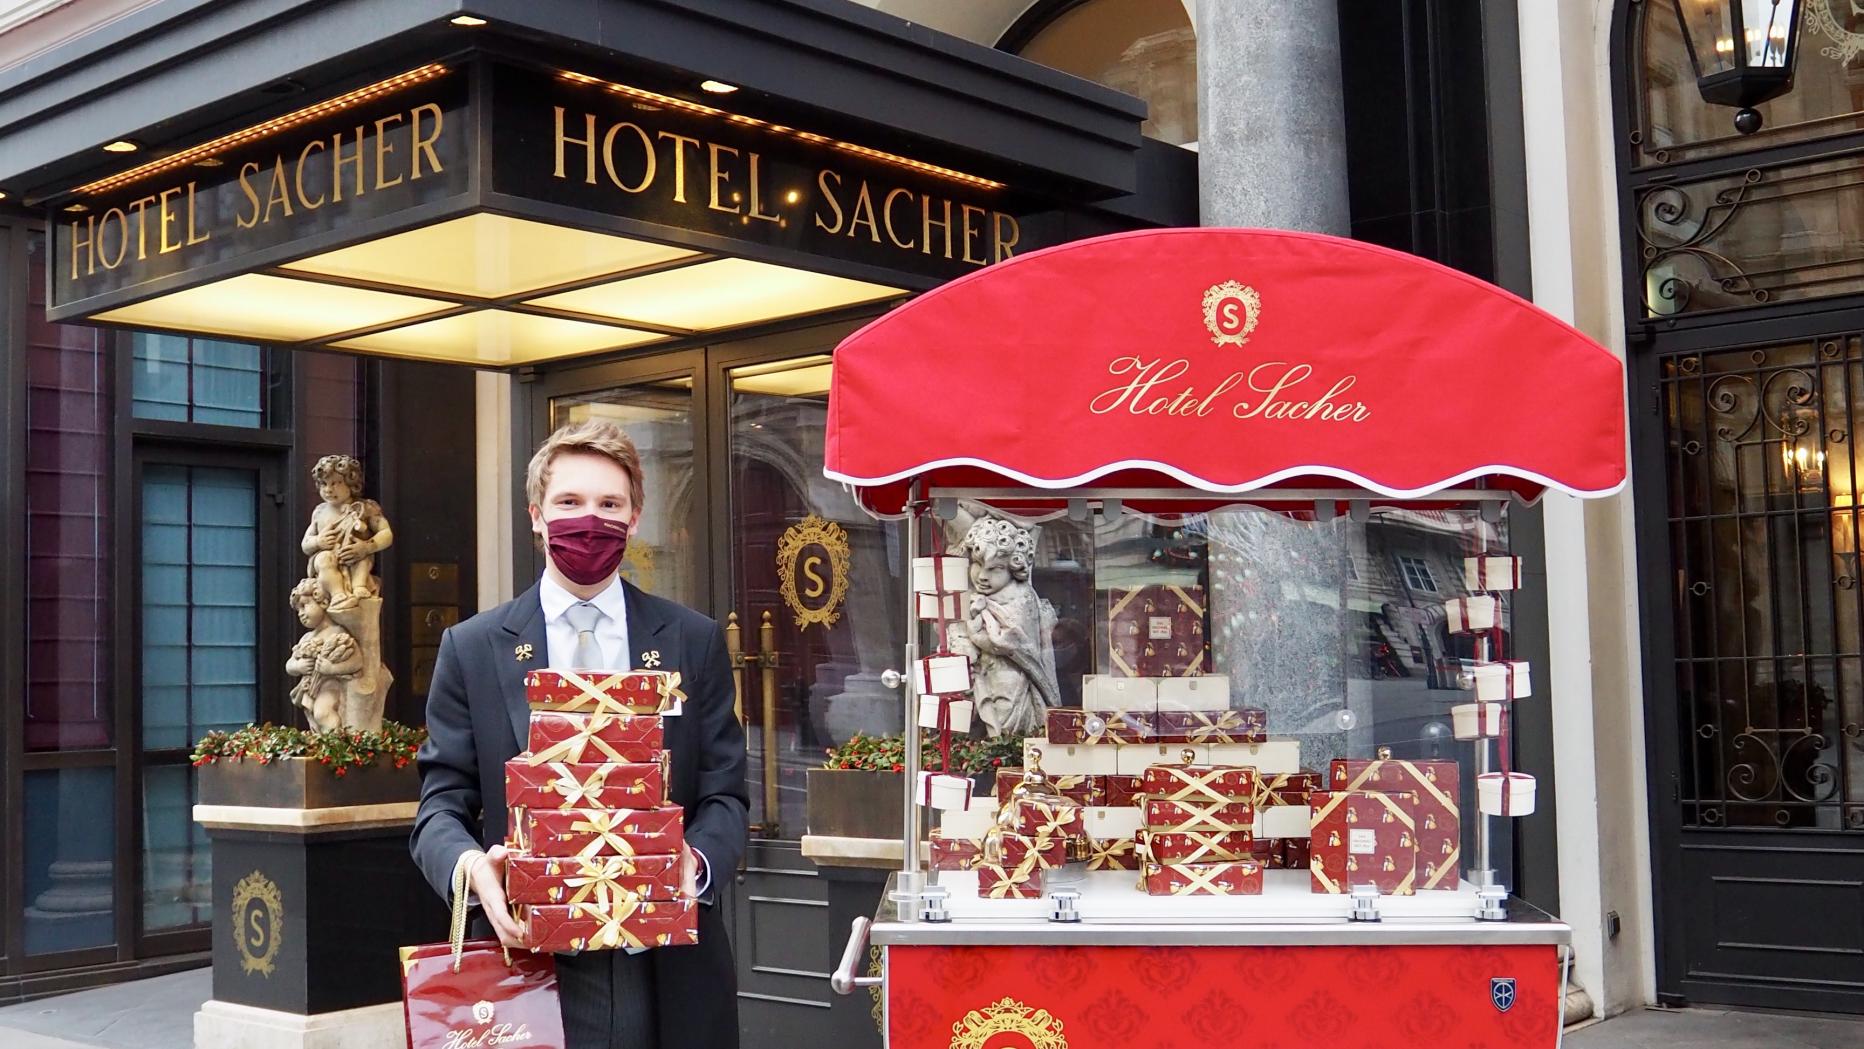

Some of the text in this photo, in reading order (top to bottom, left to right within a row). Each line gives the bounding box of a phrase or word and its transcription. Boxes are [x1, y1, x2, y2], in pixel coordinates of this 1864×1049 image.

[71, 102, 444, 280] HOTEL SACHER
[553, 106, 1020, 266] HOTEL SACHER
[1222, 303, 1240, 329] S
[1090, 354, 1371, 423] Hotel Sacher
[803, 556, 824, 598] S
[250, 909, 265, 947] S
[441, 1028, 491, 1049] Hotel
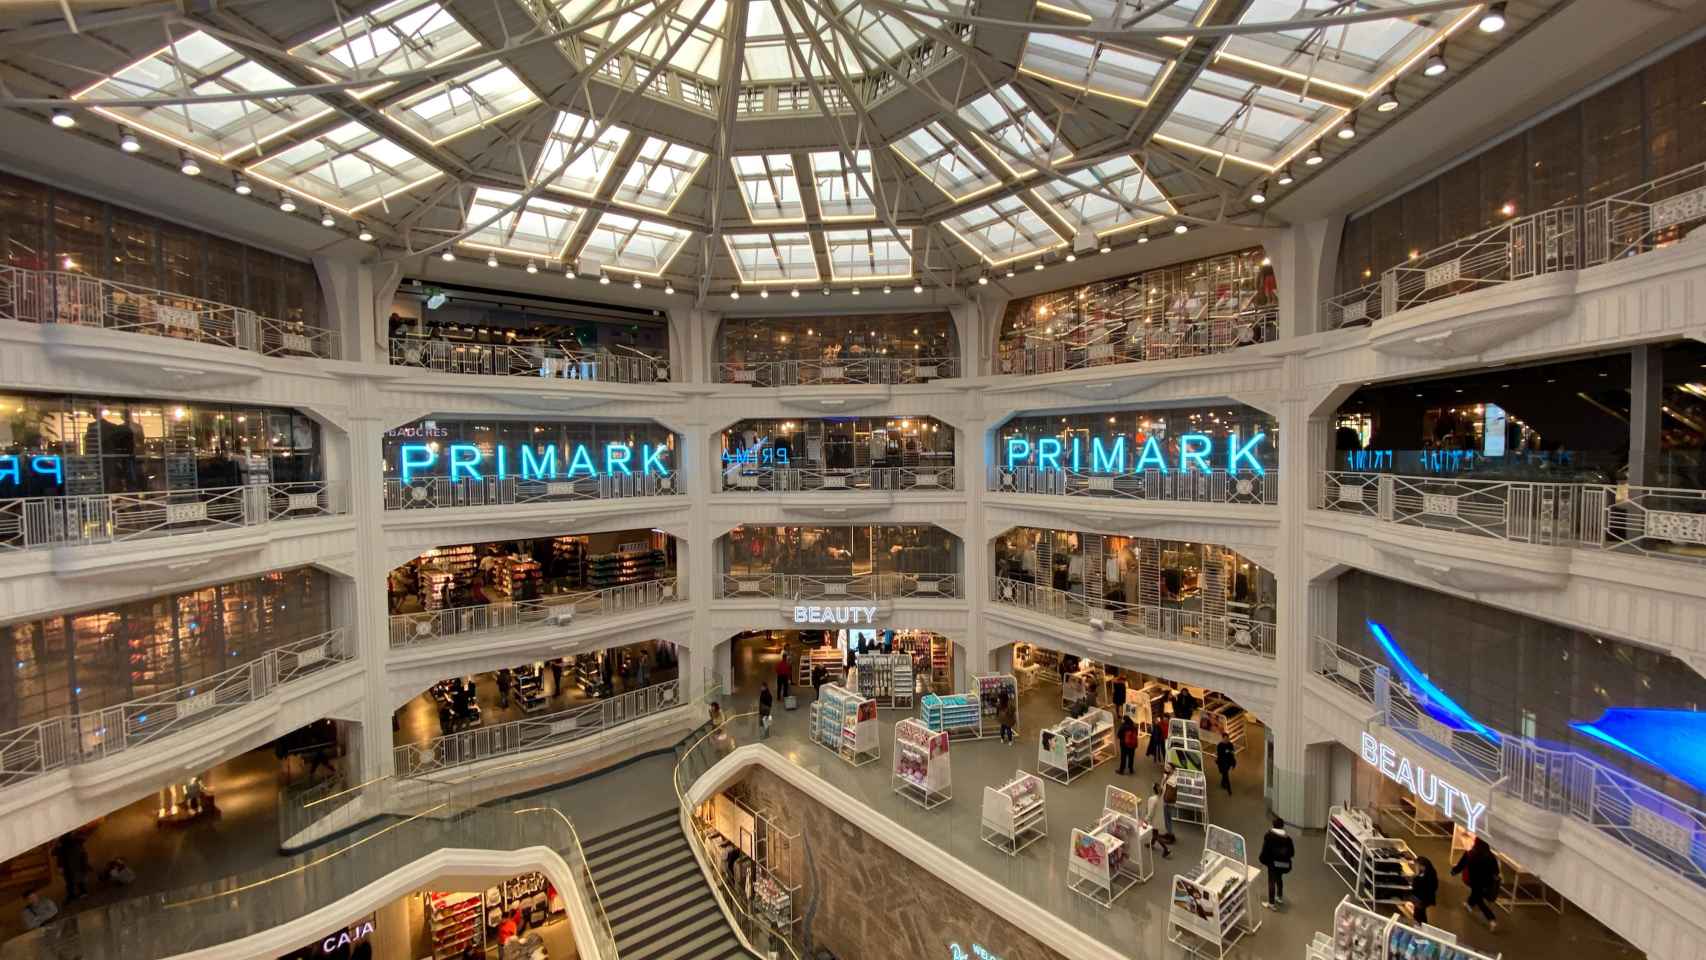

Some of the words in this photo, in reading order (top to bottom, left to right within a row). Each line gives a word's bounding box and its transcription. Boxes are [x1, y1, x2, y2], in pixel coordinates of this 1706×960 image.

[401, 443, 668, 484] PRIMARK
[1007, 433, 1265, 476] PRIMARK
[794, 606, 877, 624] BEAUTY
[1361, 731, 1486, 832] BEAUTY
[323, 922, 374, 952] CAJA
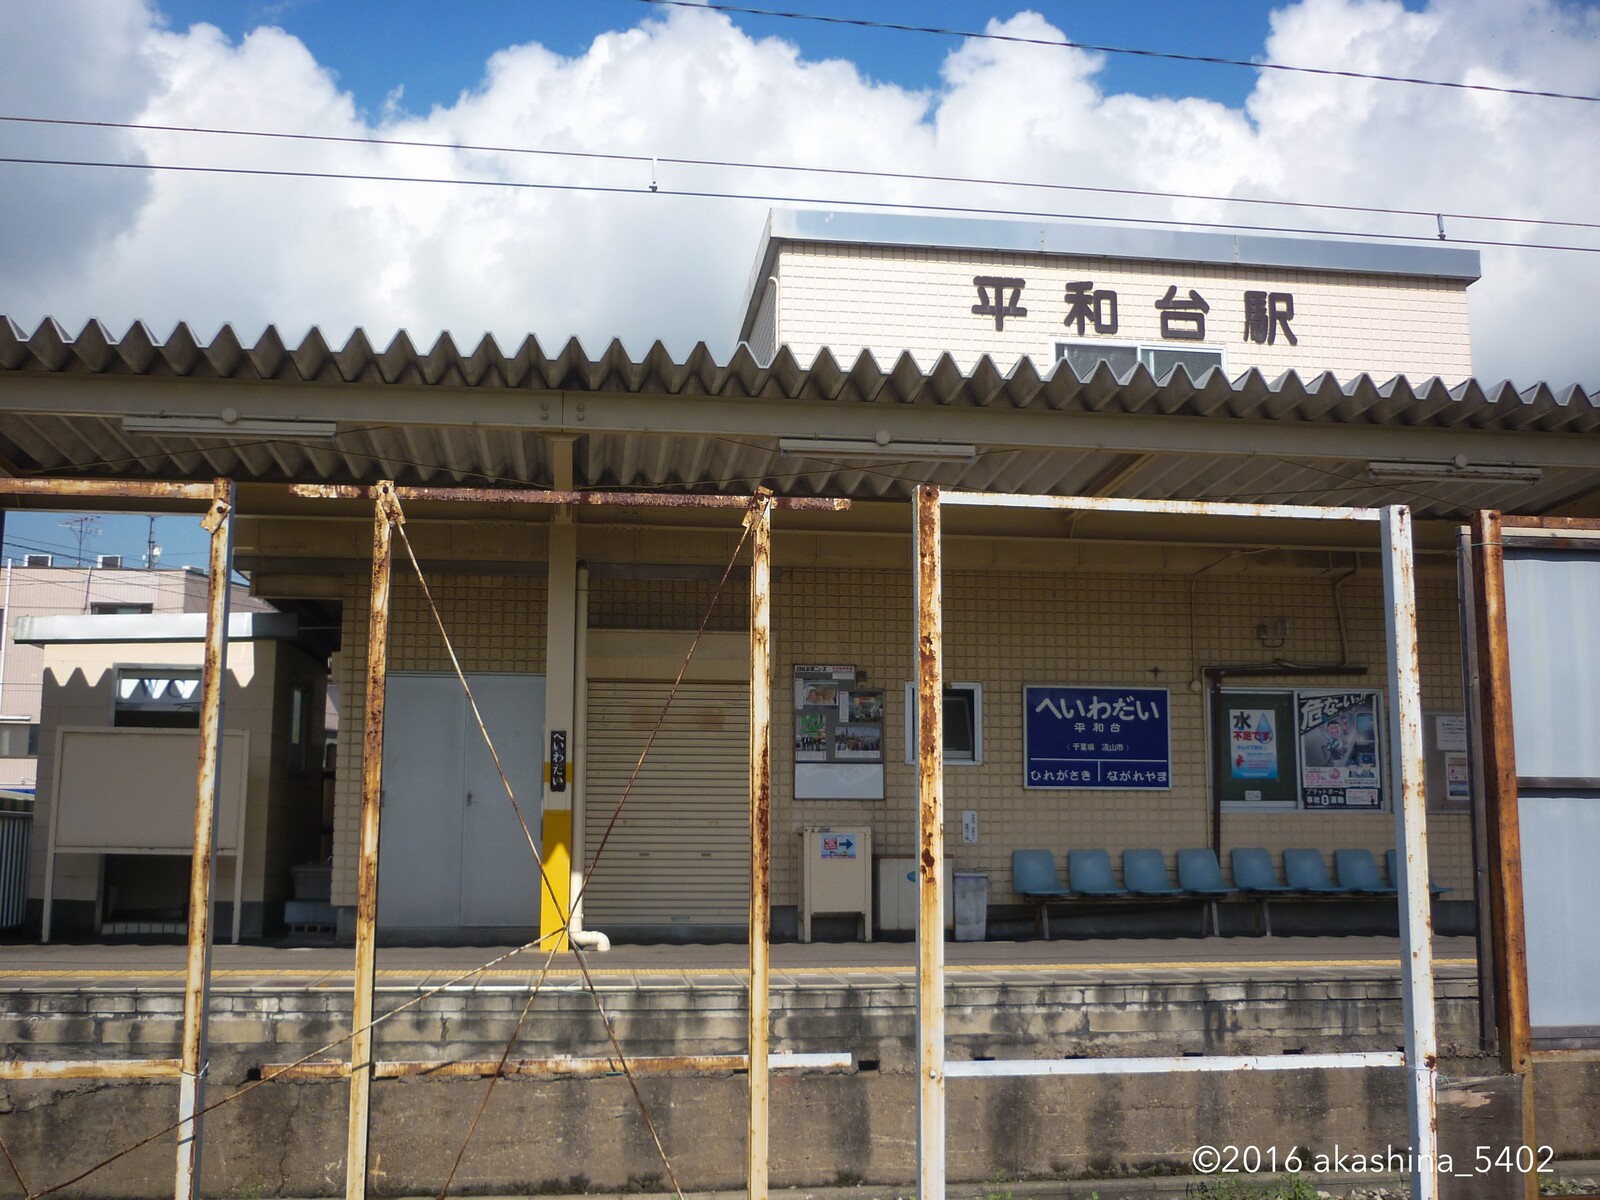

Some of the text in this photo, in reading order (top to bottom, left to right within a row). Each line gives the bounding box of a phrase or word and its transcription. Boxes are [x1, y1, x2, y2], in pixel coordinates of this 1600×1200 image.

[971, 276, 1298, 347] 平和台駅
[1035, 695, 1160, 721] へいわだい
[1074, 722, 1121, 733] 平和台
[1232, 711, 1252, 729] 水
[1030, 769, 1168, 783] ひれがさき ながれやま
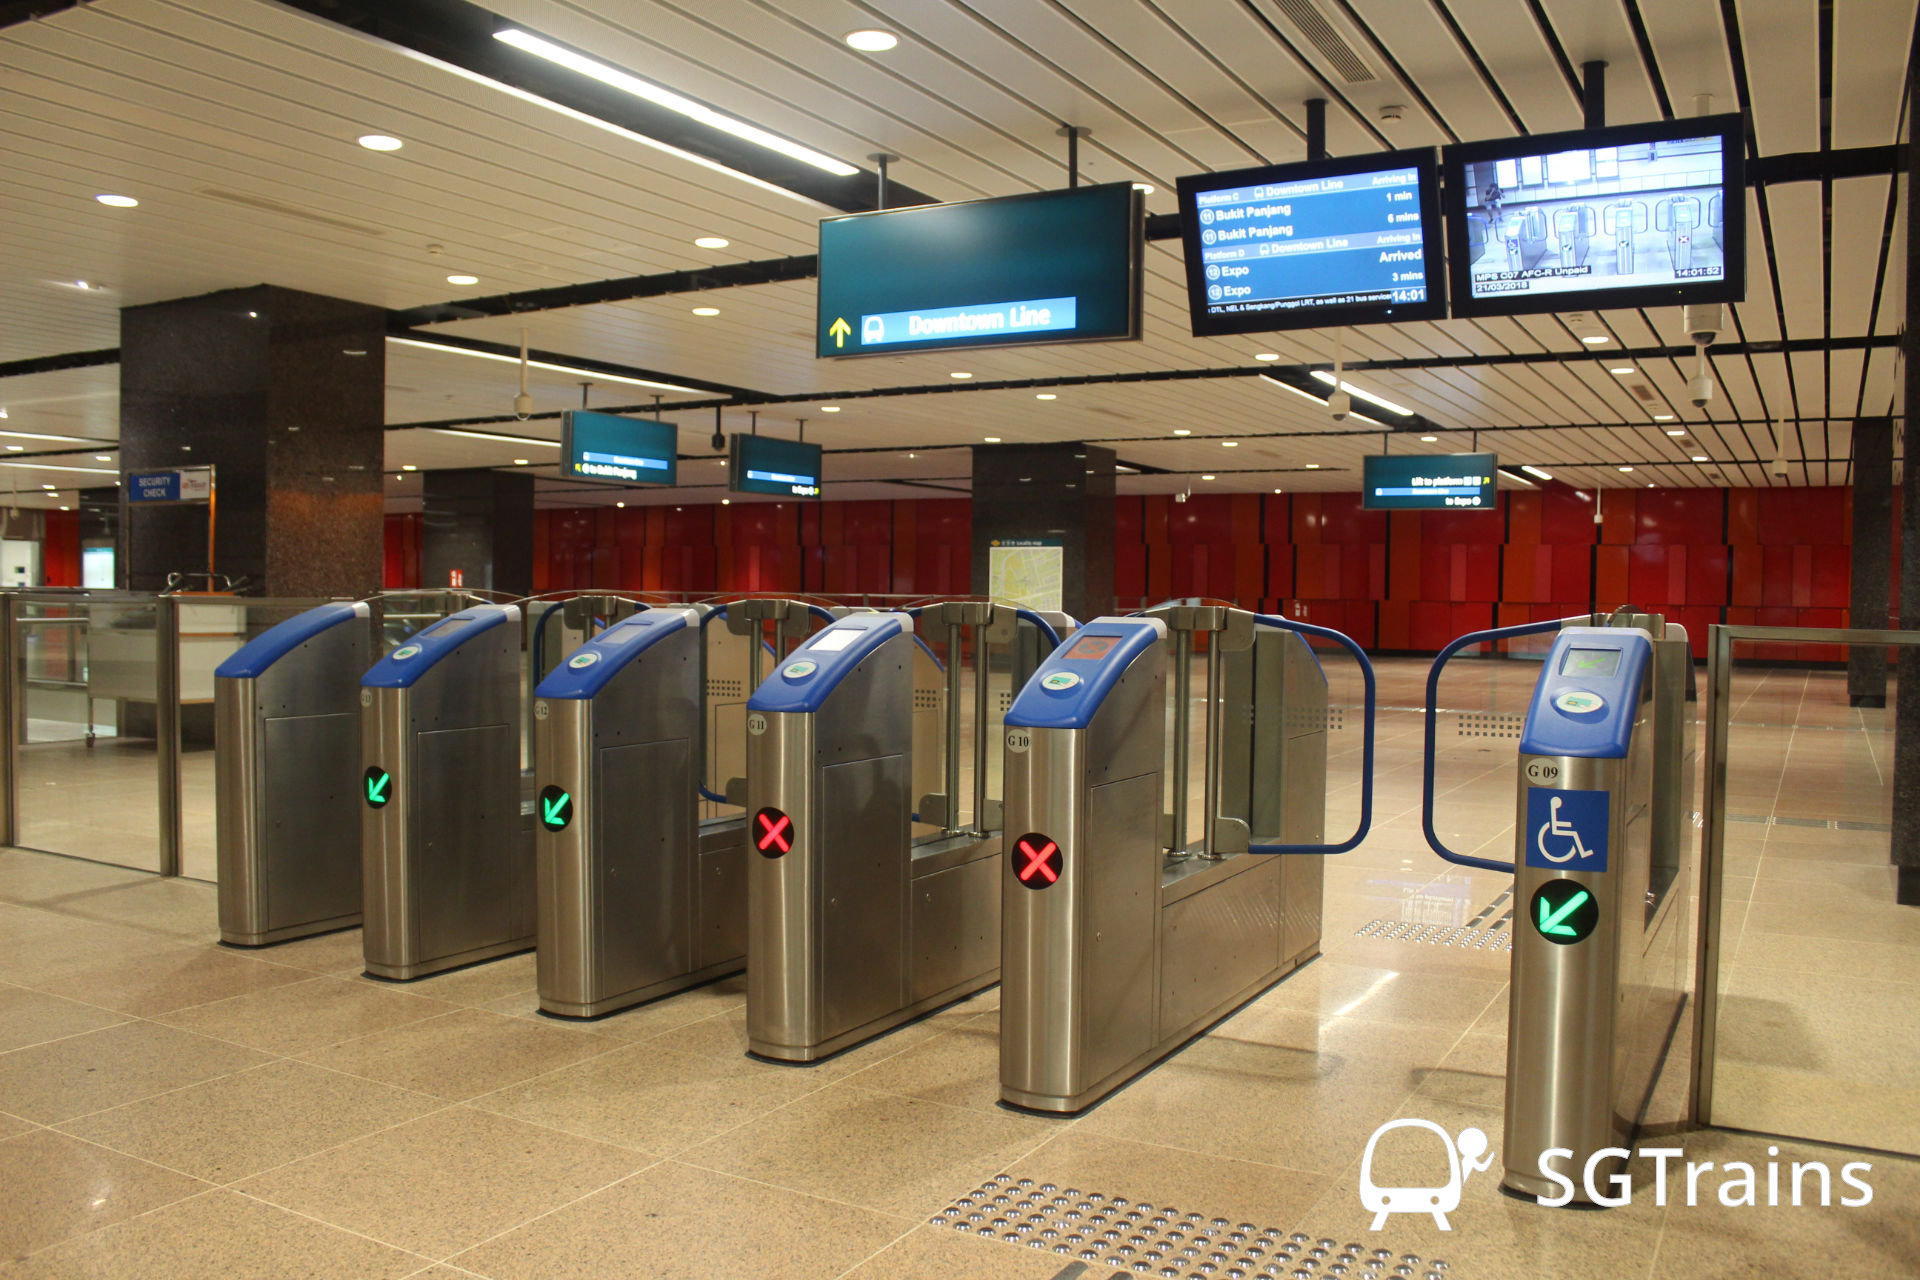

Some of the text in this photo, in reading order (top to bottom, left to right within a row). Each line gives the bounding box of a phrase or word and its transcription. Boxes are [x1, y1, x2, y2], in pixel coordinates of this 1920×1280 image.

============================================================

Where the line containing "this 1600×1200 image." appears in the records above, begin copying and continue exactly through the last line, with nothing else; omit every picture.

# EXPECTED ANSWER
Some of the text in this photo, in reading order (top to bottom, left to right within a row). Each line gives the bounding box of a phrase or word and its transcription. Boxes are [x1, y1, x2, y2], in pixel coordinates of this 1600×1200 image.

[971, 276, 1298, 347] 平和台駅
[1035, 695, 1160, 721] へいわだい
[1074, 722, 1121, 733] 平和台
[1232, 711, 1252, 729] 水
[1030, 769, 1168, 783] ひれがさき ながれやま

Some of the text in this photo, in reading order (top to bottom, left to right within a row). Each line gives the bounding box of a phrase or word and its transcription. Boxes are [x1, y1, x2, y2], in pixel coordinates of this 1920×1280 image.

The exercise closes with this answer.